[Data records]
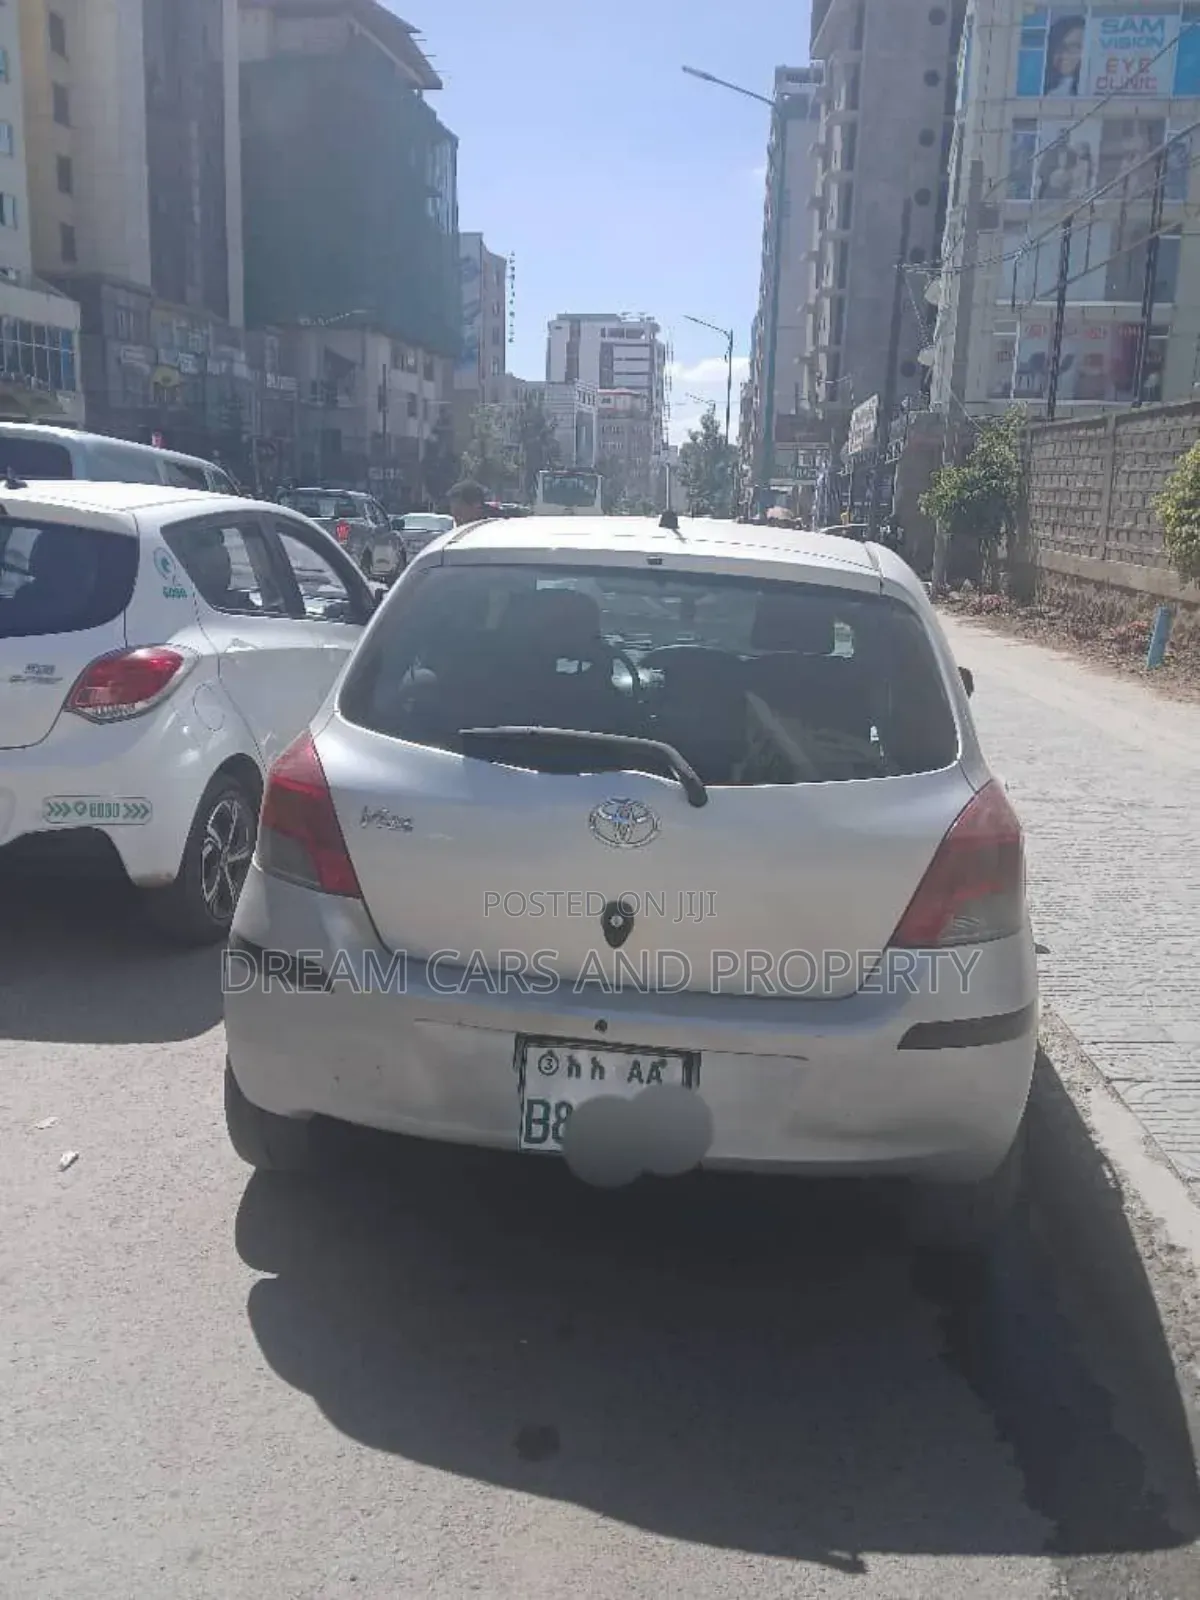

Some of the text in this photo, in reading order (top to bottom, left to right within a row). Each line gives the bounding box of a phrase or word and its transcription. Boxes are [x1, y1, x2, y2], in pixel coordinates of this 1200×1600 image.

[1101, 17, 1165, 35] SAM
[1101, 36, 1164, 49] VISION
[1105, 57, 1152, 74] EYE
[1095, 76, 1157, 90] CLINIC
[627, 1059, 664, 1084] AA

> **Assignment**
The records above are to be copied exactly, with no pictures carried over.

> **Task output**
Some of the text in this photo, in reading order (top to bottom, left to right within a row). Each line gives the bounding box of a phrase or word and its transcription. Boxes are [x1, y1, x2, y2], in pixel coordinates of this 1200×1600 image.

[1101, 17, 1165, 35] SAM
[1101, 36, 1164, 49] VISION
[1105, 57, 1152, 74] EYE
[1095, 76, 1157, 90] CLINIC
[627, 1059, 664, 1084] AA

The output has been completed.